Data:

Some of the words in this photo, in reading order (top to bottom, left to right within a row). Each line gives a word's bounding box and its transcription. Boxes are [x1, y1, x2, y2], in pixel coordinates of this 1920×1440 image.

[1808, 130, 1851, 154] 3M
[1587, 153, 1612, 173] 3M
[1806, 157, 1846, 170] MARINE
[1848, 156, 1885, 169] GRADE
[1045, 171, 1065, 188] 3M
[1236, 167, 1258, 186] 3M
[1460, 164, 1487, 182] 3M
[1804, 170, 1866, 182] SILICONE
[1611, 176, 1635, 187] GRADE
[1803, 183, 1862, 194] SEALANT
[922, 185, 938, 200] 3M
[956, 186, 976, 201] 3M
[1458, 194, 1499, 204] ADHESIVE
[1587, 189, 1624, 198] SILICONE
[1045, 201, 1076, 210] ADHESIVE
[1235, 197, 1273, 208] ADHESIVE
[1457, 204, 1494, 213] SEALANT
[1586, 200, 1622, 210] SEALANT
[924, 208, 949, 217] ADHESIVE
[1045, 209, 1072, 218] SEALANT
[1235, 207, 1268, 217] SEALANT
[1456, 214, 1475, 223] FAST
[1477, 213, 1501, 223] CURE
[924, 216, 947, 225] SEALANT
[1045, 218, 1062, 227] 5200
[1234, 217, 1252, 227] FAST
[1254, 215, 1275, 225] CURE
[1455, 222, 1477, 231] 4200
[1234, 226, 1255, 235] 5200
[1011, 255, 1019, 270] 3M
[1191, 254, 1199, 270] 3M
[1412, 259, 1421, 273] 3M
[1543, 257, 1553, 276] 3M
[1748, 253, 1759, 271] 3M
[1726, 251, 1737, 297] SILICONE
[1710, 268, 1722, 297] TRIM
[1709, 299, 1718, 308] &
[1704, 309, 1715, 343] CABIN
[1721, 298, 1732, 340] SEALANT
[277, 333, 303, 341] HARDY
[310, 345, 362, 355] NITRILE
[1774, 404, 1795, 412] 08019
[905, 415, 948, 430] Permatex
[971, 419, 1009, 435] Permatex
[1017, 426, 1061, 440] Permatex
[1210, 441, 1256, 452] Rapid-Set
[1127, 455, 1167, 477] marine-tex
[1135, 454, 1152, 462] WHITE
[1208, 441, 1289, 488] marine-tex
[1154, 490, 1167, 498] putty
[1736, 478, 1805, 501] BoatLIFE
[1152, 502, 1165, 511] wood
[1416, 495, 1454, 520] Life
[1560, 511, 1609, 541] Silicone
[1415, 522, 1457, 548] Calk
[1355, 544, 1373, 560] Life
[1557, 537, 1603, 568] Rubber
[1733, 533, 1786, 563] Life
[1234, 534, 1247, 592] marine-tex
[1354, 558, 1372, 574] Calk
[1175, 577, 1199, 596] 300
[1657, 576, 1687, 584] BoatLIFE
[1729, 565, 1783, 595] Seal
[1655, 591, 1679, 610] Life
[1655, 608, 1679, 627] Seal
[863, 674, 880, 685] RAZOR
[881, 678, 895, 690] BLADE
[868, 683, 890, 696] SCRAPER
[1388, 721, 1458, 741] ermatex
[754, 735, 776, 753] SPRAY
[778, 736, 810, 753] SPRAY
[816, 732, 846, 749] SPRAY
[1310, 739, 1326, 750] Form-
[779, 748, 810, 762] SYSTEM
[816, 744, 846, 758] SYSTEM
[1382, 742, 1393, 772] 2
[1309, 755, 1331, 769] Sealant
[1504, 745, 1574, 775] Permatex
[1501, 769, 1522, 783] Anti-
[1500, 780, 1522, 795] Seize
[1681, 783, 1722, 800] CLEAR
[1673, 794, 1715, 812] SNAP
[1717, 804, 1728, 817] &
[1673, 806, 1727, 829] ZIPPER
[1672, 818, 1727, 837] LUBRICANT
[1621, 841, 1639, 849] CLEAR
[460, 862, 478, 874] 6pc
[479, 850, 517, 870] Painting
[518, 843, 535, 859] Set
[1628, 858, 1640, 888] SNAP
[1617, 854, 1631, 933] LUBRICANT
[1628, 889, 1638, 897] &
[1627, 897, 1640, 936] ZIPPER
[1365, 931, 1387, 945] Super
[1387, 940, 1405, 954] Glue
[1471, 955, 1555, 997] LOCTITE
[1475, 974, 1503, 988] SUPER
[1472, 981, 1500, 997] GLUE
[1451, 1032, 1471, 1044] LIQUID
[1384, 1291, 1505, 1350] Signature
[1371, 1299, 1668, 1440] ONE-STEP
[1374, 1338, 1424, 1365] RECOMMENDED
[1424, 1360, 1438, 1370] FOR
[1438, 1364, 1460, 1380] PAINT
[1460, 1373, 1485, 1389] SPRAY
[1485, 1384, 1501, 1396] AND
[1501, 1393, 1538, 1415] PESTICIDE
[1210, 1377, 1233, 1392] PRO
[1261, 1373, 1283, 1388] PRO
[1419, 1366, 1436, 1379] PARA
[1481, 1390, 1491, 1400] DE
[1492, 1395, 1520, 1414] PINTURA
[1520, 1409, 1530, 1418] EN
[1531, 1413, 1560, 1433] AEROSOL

Try it: Reproduce each entry from the records above, character for character.

Answer to this task:
Some of the words in this photo, in reading order (top to bottom, left to right within a row). Each line gives a word's bounding box and its transcription. Boxes are [x1, y1, x2, y2], in pixel coordinates of this 1920×1440 image.

[1808, 130, 1851, 154] 3M
[1587, 153, 1612, 173] 3M
[1806, 157, 1846, 170] MARINE
[1848, 156, 1885, 169] GRADE
[1045, 171, 1065, 188] 3M
[1236, 167, 1258, 186] 3M
[1460, 164, 1487, 182] 3M
[1804, 170, 1866, 182] SILICONE
[1611, 176, 1635, 187] GRADE
[1803, 183, 1862, 194] SEALANT
[922, 185, 938, 200] 3M
[956, 186, 976, 201] 3M
[1458, 194, 1499, 204] ADHESIVE
[1587, 189, 1624, 198] SILICONE
[1045, 201, 1076, 210] ADHESIVE
[1235, 197, 1273, 208] ADHESIVE
[1457, 204, 1494, 213] SEALANT
[1586, 200, 1622, 210] SEALANT
[924, 208, 949, 217] ADHESIVE
[1045, 209, 1072, 218] SEALANT
[1235, 207, 1268, 217] SEALANT
[1456, 214, 1475, 223] FAST
[1477, 213, 1501, 223] CURE
[924, 216, 947, 225] SEALANT
[1045, 218, 1062, 227] 5200
[1234, 217, 1252, 227] FAST
[1254, 215, 1275, 225] CURE
[1455, 222, 1477, 231] 4200
[1234, 226, 1255, 235] 5200
[1011, 255, 1019, 270] 3M
[1191, 254, 1199, 270] 3M
[1412, 259, 1421, 273] 3M
[1543, 257, 1553, 276] 3M
[1748, 253, 1759, 271] 3M
[1726, 251, 1737, 297] SILICONE
[1710, 268, 1722, 297] TRIM
[1709, 299, 1718, 308] &
[1704, 309, 1715, 343] CABIN
[1721, 298, 1732, 340] SEALANT
[277, 333, 303, 341] HARDY
[310, 345, 362, 355] NITRILE
[1774, 404, 1795, 412] 08019
[905, 415, 948, 430] Permatex
[971, 419, 1009, 435] Permatex
[1017, 426, 1061, 440] Permatex
[1210, 441, 1256, 452] Rapid-Set
[1127, 455, 1167, 477] marine-tex
[1135, 454, 1152, 462] WHITE
[1208, 441, 1289, 488] marine-tex
[1154, 490, 1167, 498] putty
[1736, 478, 1805, 501] BoatLIFE
[1152, 502, 1165, 511] wood
[1416, 495, 1454, 520] Life
[1560, 511, 1609, 541] Silicone
[1415, 522, 1457, 548] Calk
[1355, 544, 1373, 560] Life
[1557, 537, 1603, 568] Rubber
[1733, 533, 1786, 563] Life
[1234, 534, 1247, 592] marine-tex
[1354, 558, 1372, 574] Calk
[1175, 577, 1199, 596] 300
[1657, 576, 1687, 584] BoatLIFE
[1729, 565, 1783, 595] Seal
[1655, 591, 1679, 610] Life
[1655, 608, 1679, 627] Seal
[863, 674, 880, 685] RAZOR
[881, 678, 895, 690] BLADE
[868, 683, 890, 696] SCRAPER
[1388, 721, 1458, 741] ermatex
[754, 735, 776, 753] SPRAY
[778, 736, 810, 753] SPRAY
[816, 732, 846, 749] SPRAY
[1310, 739, 1326, 750] Form-
[779, 748, 810, 762] SYSTEM
[816, 744, 846, 758] SYSTEM
[1382, 742, 1393, 772] 2
[1309, 755, 1331, 769] Sealant
[1504, 745, 1574, 775] Permatex
[1501, 769, 1522, 783] Anti-
[1500, 780, 1522, 795] Seize
[1681, 783, 1722, 800] CLEAR
[1673, 794, 1715, 812] SNAP
[1717, 804, 1728, 817] &
[1673, 806, 1727, 829] ZIPPER
[1672, 818, 1727, 837] LUBRICANT
[1621, 841, 1639, 849] CLEAR
[460, 862, 478, 874] 6pc
[479, 850, 517, 870] Painting
[518, 843, 535, 859] Set
[1628, 858, 1640, 888] SNAP
[1617, 854, 1631, 933] LUBRICANT
[1628, 889, 1638, 897] &
[1627, 897, 1640, 936] ZIPPER
[1365, 931, 1387, 945] Super
[1387, 940, 1405, 954] Glue
[1471, 955, 1555, 997] LOCTITE
[1475, 974, 1503, 988] SUPER
[1472, 981, 1500, 997] GLUE
[1451, 1032, 1471, 1044] LIQUID
[1384, 1291, 1505, 1350] Signature
[1371, 1299, 1668, 1440] ONE-STEP
[1374, 1338, 1424, 1365] RECOMMENDED
[1424, 1360, 1438, 1370] FOR
[1438, 1364, 1460, 1380] PAINT
[1460, 1373, 1485, 1389] SPRAY
[1485, 1384, 1501, 1396] AND
[1501, 1393, 1538, 1415] PESTICIDE
[1210, 1377, 1233, 1392] PRO
[1261, 1373, 1283, 1388] PRO
[1419, 1366, 1436, 1379] PARA
[1481, 1390, 1491, 1400] DE
[1492, 1395, 1520, 1414] PINTURA
[1520, 1409, 1530, 1418] EN
[1531, 1413, 1560, 1433] AEROSOL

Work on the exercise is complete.